** Opening DATA FOR THE TASK block **

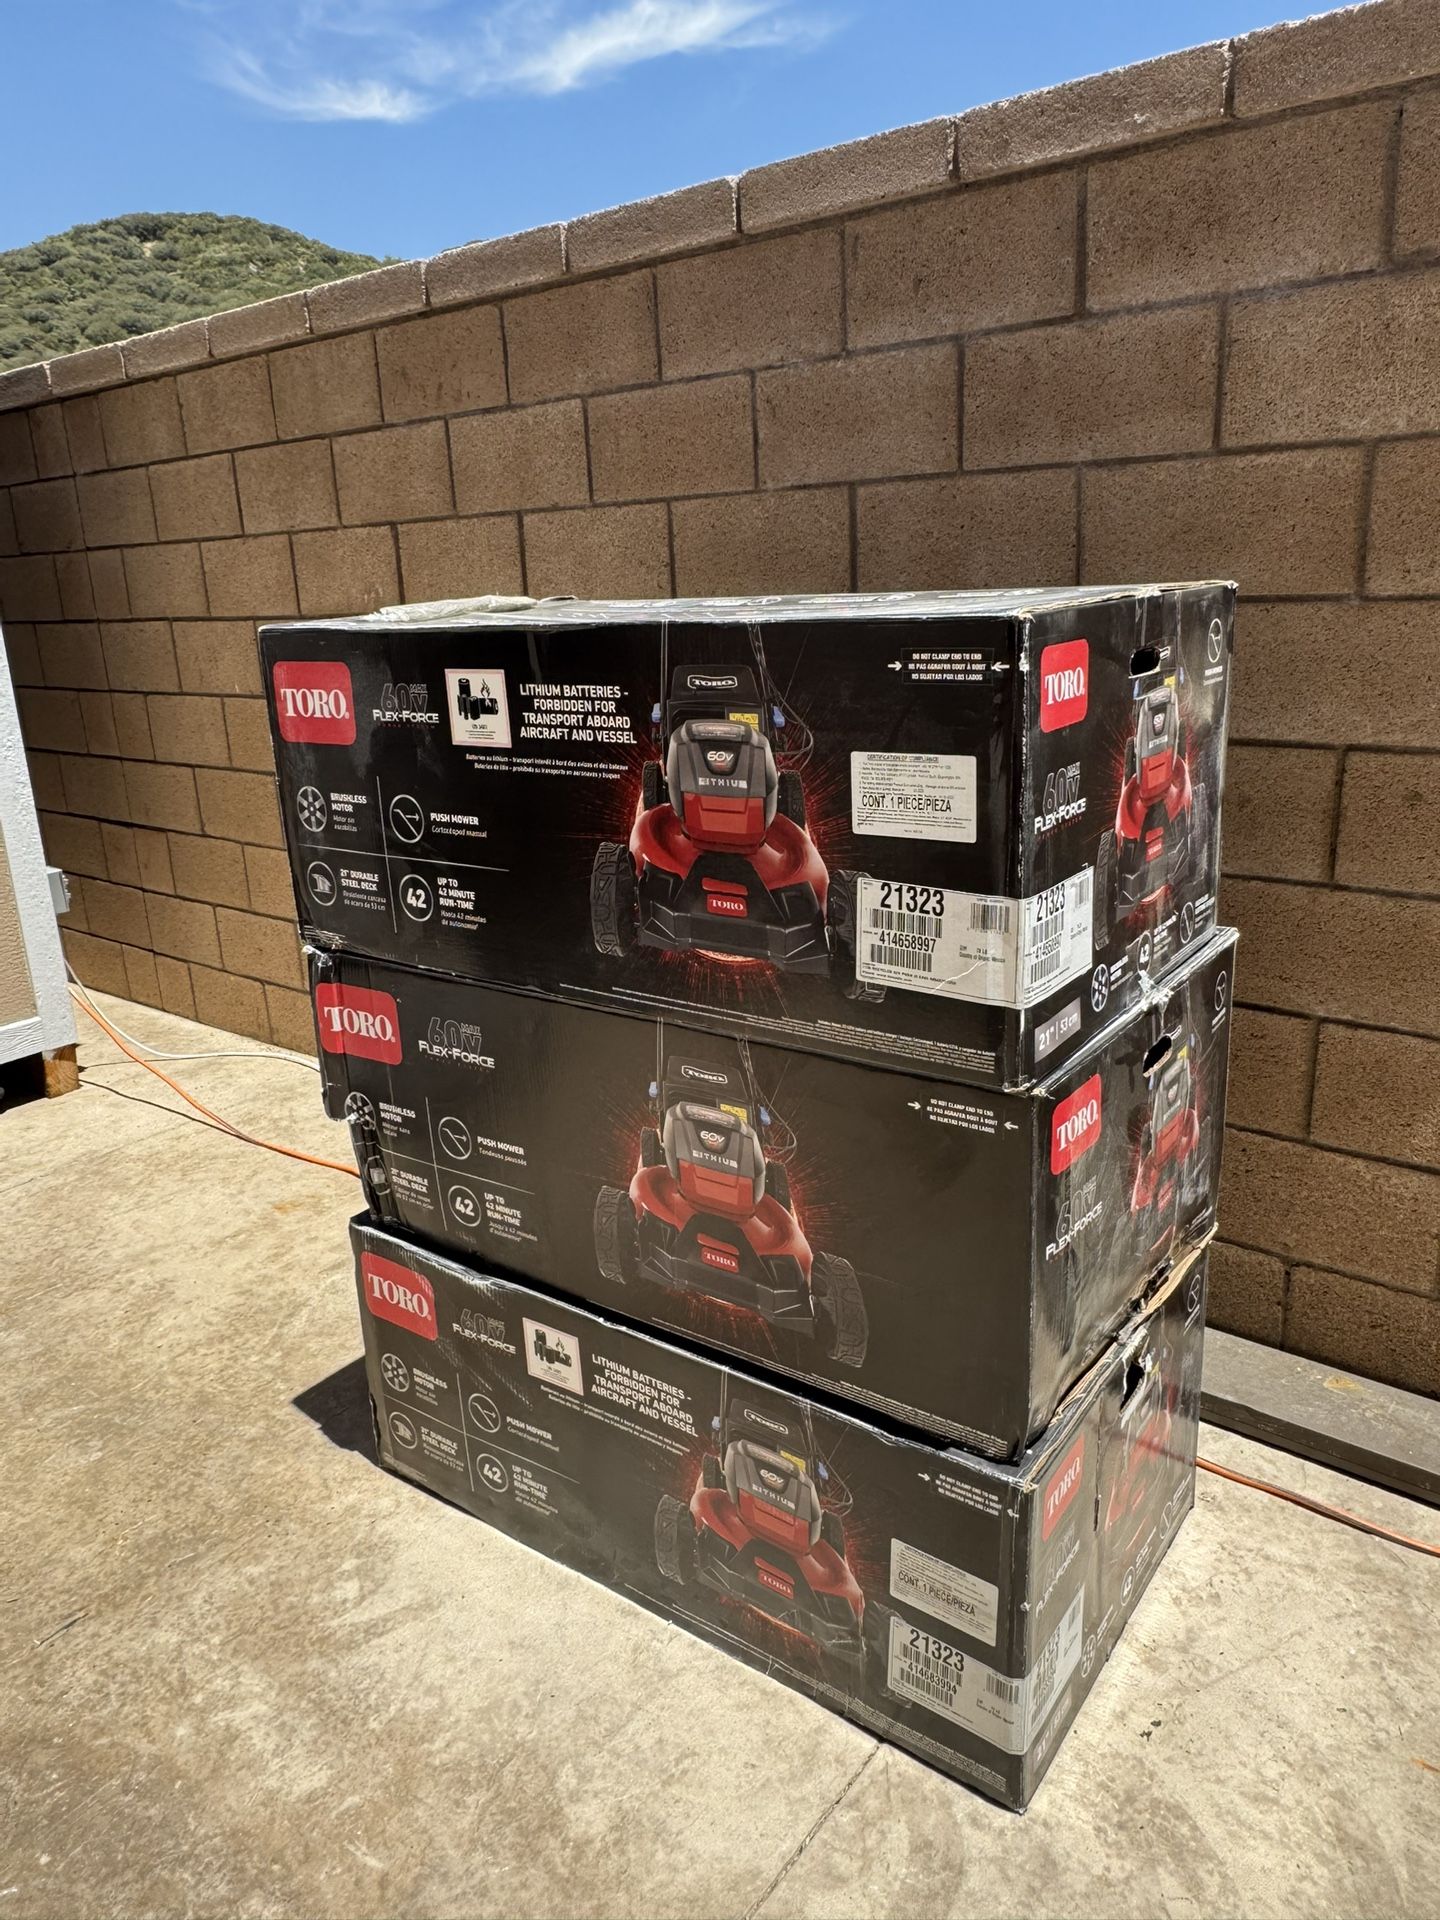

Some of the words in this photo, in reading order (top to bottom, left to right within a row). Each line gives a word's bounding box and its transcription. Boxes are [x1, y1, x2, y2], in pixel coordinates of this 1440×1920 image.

[520, 684, 561, 696] LITHIUM
[563, 685, 621, 698] BATTERIES
[534, 698, 592, 712] FORBIDDEN
[595, 700, 616, 713] FOR
[523, 712, 584, 726] TRANSPORT
[587, 714, 631, 728] ABOARD
[520, 726, 569, 740] AIRCRAFT
[572, 729, 594, 741] AND
[596, 730, 637, 744] VESSEL
[862, 795, 889, 808] CONT.
[890, 796, 895, 808] 1
[898, 796, 952, 812] PIECE/PIEZA
[430, 812, 450, 822] PUSH
[451, 814, 479, 825] MOWER
[437, 877, 447, 886] UP
[448, 878, 458, 887] TO
[406, 888, 427, 909] 42
[448, 889, 476, 900] MINUTE
[880, 882, 944, 917] 21323
[1036, 882, 1066, 922] 21323
[879, 930, 937, 953] 414658997
[418, 1040, 495, 1068] FLEX-FORCE
[477, 1136, 497, 1148] PUSH
[497, 1141, 525, 1155] MOWER
[455, 1197, 475, 1216] 42
[592, 1353, 630, 1376] LITHIUM
[632, 1370, 685, 1399] BATTERIES
[605, 1369, 658, 1399] FORBIDDEN
[660, 1392, 680, 1408] FOR
[594, 1374, 650, 1405] TRANSPORT
[653, 1400, 693, 1424] ABOARD
[591, 1384, 637, 1409] AIRCRAFT
[639, 1404, 659, 1419] AND
[660, 1413, 699, 1437] VESSEL
[483, 1464, 503, 1484] 42
[910, 1628, 964, 1672] 21323
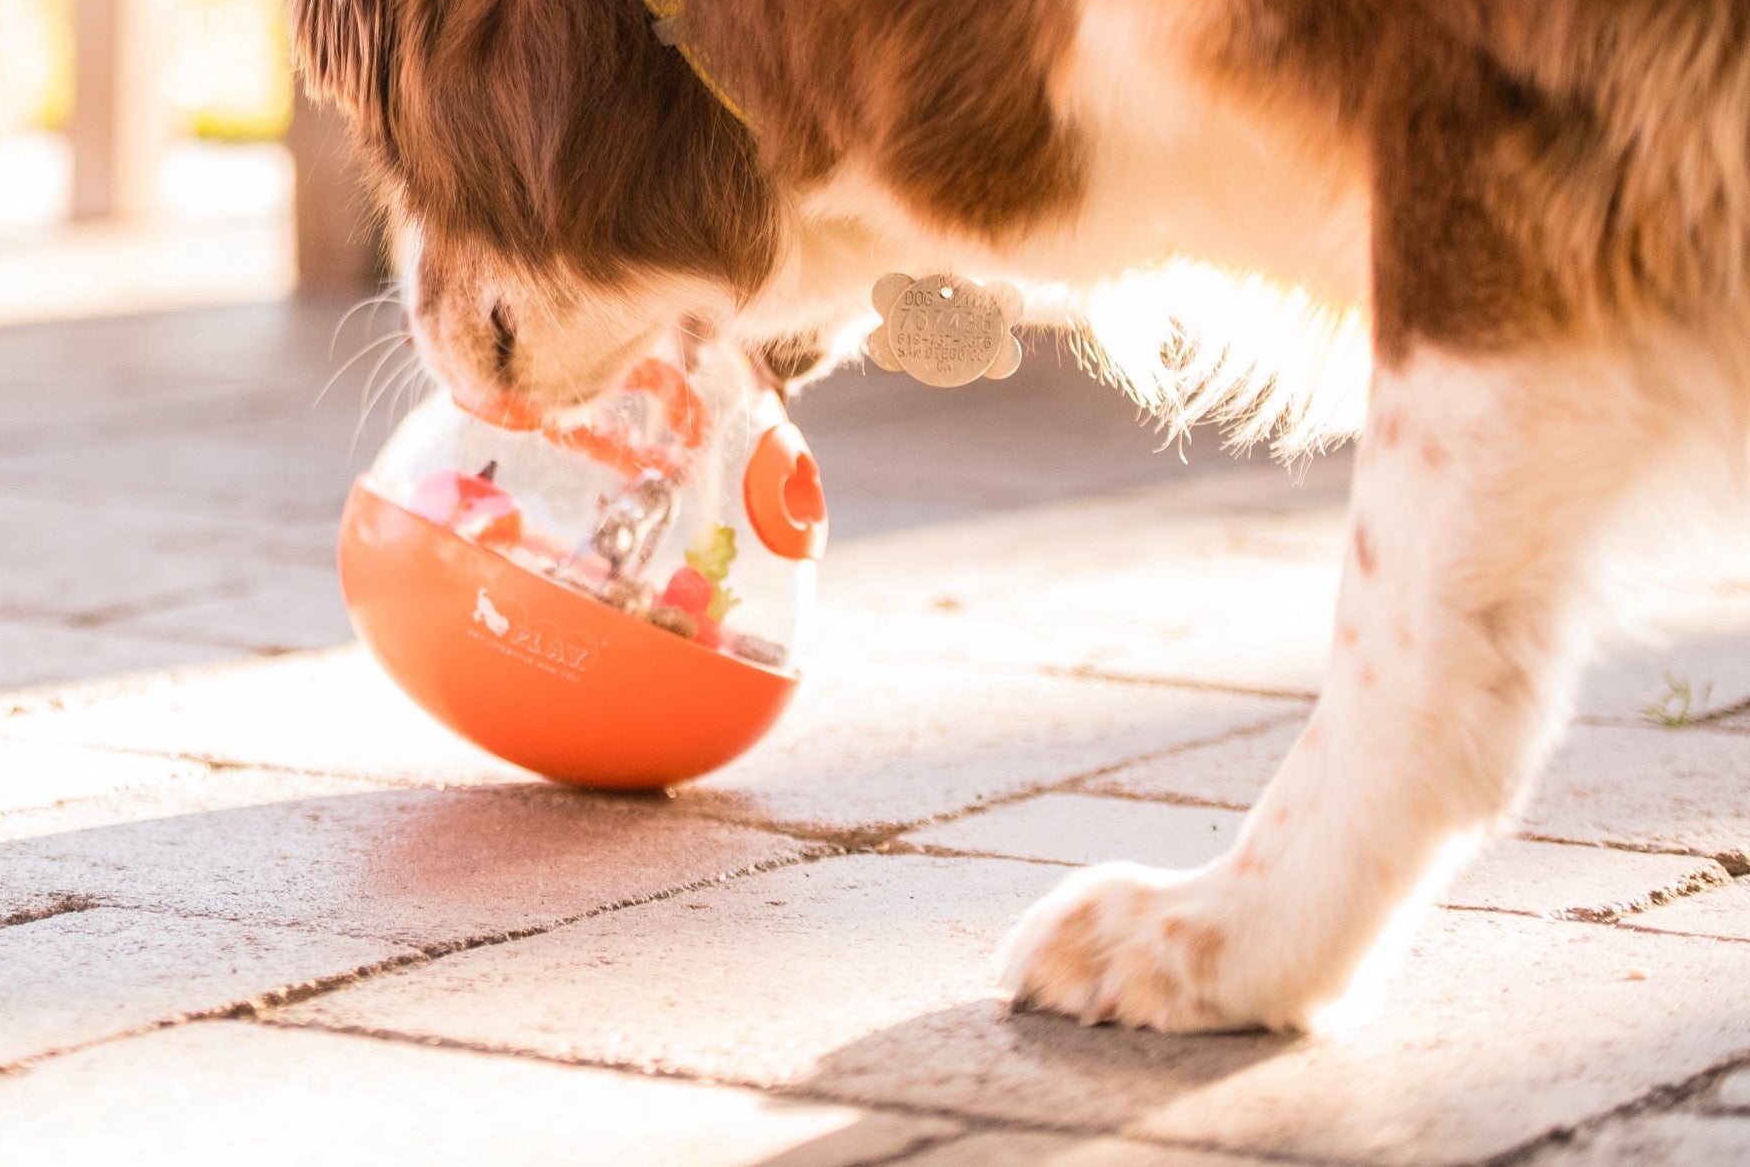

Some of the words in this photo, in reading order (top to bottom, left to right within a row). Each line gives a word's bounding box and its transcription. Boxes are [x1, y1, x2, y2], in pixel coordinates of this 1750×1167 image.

** Closing DATA FOR THE TASK block **

▸ PROBLEM REQUIREMENTS
Restate the records above exactly, less any pictures.

▸ TASK ANSWER
Some of the words in this photo, in reading order (top to bottom, left to right within a row). Each line gives a word's bounding box and its transcription. Boxes are [x1, y1, x2, y2], in pixel coordinates of this 1440×1920 image.

[520, 684, 561, 696] LITHIUM
[563, 685, 621, 698] BATTERIES
[534, 698, 592, 712] FORBIDDEN
[595, 700, 616, 713] FOR
[523, 712, 584, 726] TRANSPORT
[587, 714, 631, 728] ABOARD
[520, 726, 569, 740] AIRCRAFT
[572, 729, 594, 741] AND
[596, 730, 637, 744] VESSEL
[862, 795, 889, 808] CONT.
[890, 796, 895, 808] 1
[898, 796, 952, 812] PIECE/PIEZA
[430, 812, 450, 822] PUSH
[451, 814, 479, 825] MOWER
[437, 877, 447, 886] UP
[448, 878, 458, 887] TO
[406, 888, 427, 909] 42
[448, 889, 476, 900] MINUTE
[880, 882, 944, 917] 21323
[1036, 882, 1066, 922] 21323
[879, 930, 937, 953] 414658997
[418, 1040, 495, 1068] FLEX-FORCE
[477, 1136, 497, 1148] PUSH
[497, 1141, 525, 1155] MOWER
[455, 1197, 475, 1216] 42
[592, 1353, 630, 1376] LITHIUM
[632, 1370, 685, 1399] BATTERIES
[605, 1369, 658, 1399] FORBIDDEN
[660, 1392, 680, 1408] FOR
[594, 1374, 650, 1405] TRANSPORT
[653, 1400, 693, 1424] ABOARD
[591, 1384, 637, 1409] AIRCRAFT
[639, 1404, 659, 1419] AND
[660, 1413, 699, 1437] VESSEL
[483, 1464, 503, 1484] 42
[910, 1628, 964, 1672] 21323

Some of the words in this photo, in reading order (top to bottom, left to right within a row). Each line gives a word's bounding box and its transcription. Boxes are [x1, y1, x2, y2], in pixel coordinates of this 1750×1167 image.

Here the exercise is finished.